Global leaders are considering including governance as one of the United Nations’ new set of development goals, which will have a significant influence on how roughly $2.5 trillion in development aid is spent over the next 15 years.
The Sustainable Development Goals (SDGs) under discussion at UN meetings in New York this week are due to take effect in 2016. The United Kingdom is a big supporter of a governance goal, and in a UN survey of more than seven million people, an honest and responsive government was among their top priorities.
But a study by Mary Hilderbrand, economics professor at Texas A&M University, released this week by the Copenhagen Consensus think tank casts some doubt on whether a development goal focusing on transparency, responsive government and reducing corruption will be effective.
There have been large investments in global governance over the last 20 years and yet the results are disappointing, she said. For example, one study of 80 countries that had World Bank governance programs found that governance improved in 39 percent of the countries and worsened in 25 percent. These results were no different than in countries without programs.
While the overall goal is laudable, finding ways to implement it in an effective and measurable manner is far more difficult, she said, adding it makes her leary of governance targets.
“Governance because it involves political, social and economic systems is very complex, and it is hard to know what is happening below the surface. It is too easy for governments to tick the boxes through institutional reforms without fundamentally changing anything,” Hilderbrand said in a telephone interview.

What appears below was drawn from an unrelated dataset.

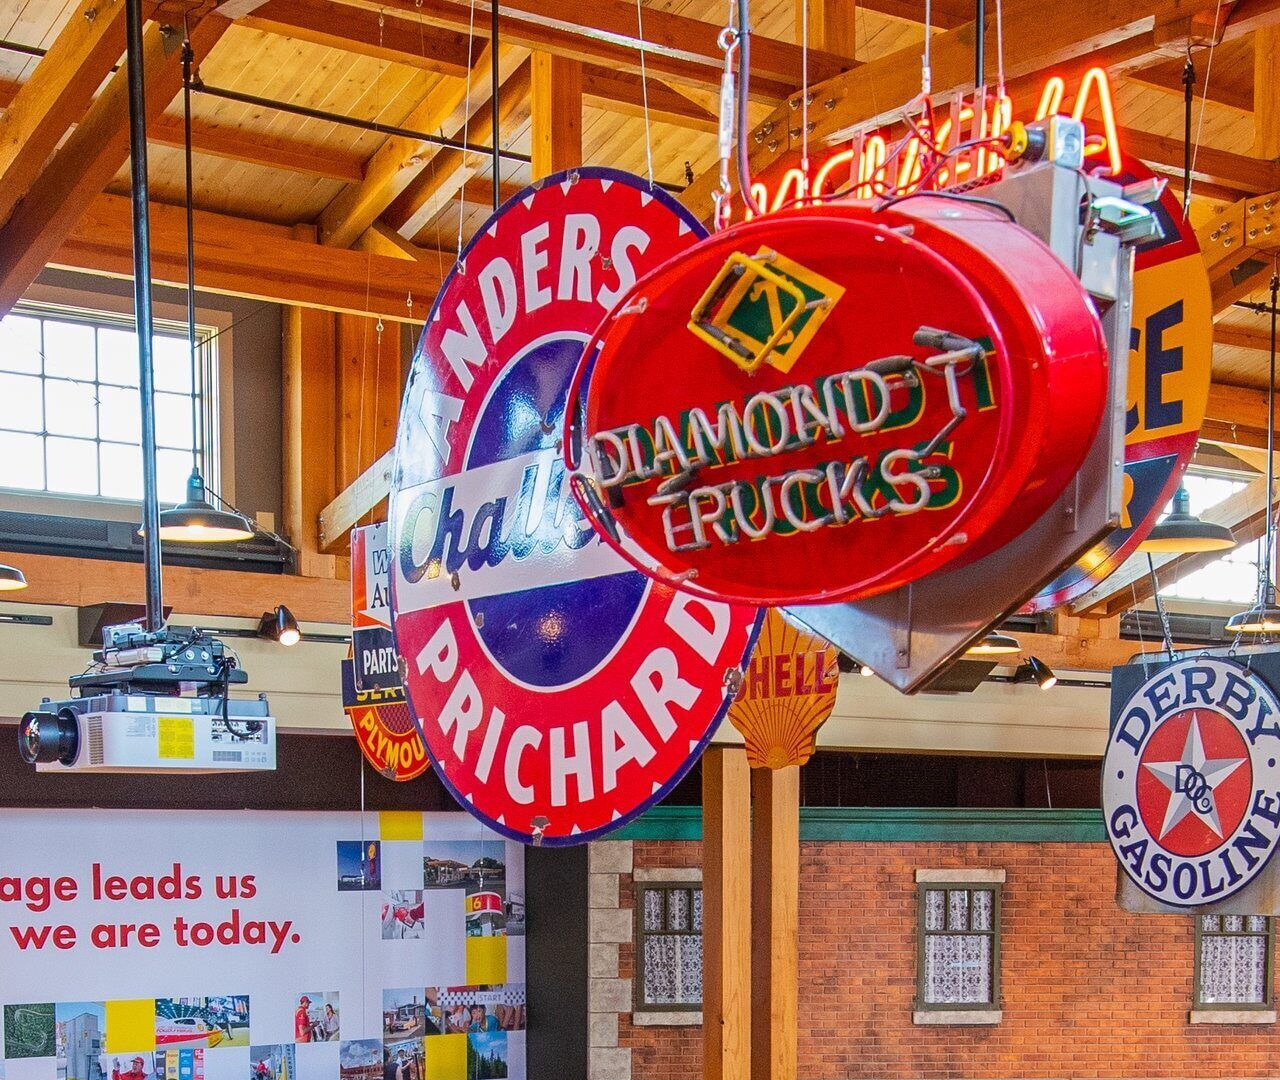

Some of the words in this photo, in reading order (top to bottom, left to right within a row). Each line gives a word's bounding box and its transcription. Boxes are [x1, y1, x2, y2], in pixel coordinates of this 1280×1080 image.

The one governance target that does make sense is providing a legal identity for all citizens, including birth registration, because it is concrete and brings a range of benefits, she said.
Such programs help build the capacity of governments to run efficient systems. Cards guarantee citizens access to public services and the right to vote, which in turn increases government accountability and reduces poverty.
Hilderbrand estimates the benefits would at least equal the cost of every dollar invested. In contrast, the cost-benefits of other proposed governance targets, such as “substantially reduce corruption and bribery in all its forms” are uncertain partly because they are so general, she said.
Aart Kraay, a World Bank economist who reviewed Hilderbrand’s paper, said that while there may be little hard evidence of a causal link between good governance and better development, that does not mean such “aspirational” goals should be abandoned.
Transparency International, the leading global anti-corruption advocacy group, agreed.
“When there are higher levels of bribery, there is more poverty, so we know it has to be part of the SDGs,” said Craig Fagan, TI’s head of global policy.
The United Nations General Assembly plans to complete its work on the new development goals, which currently number 17 plus 169 targets for implementing them, by July for final adoption by world leaders in September.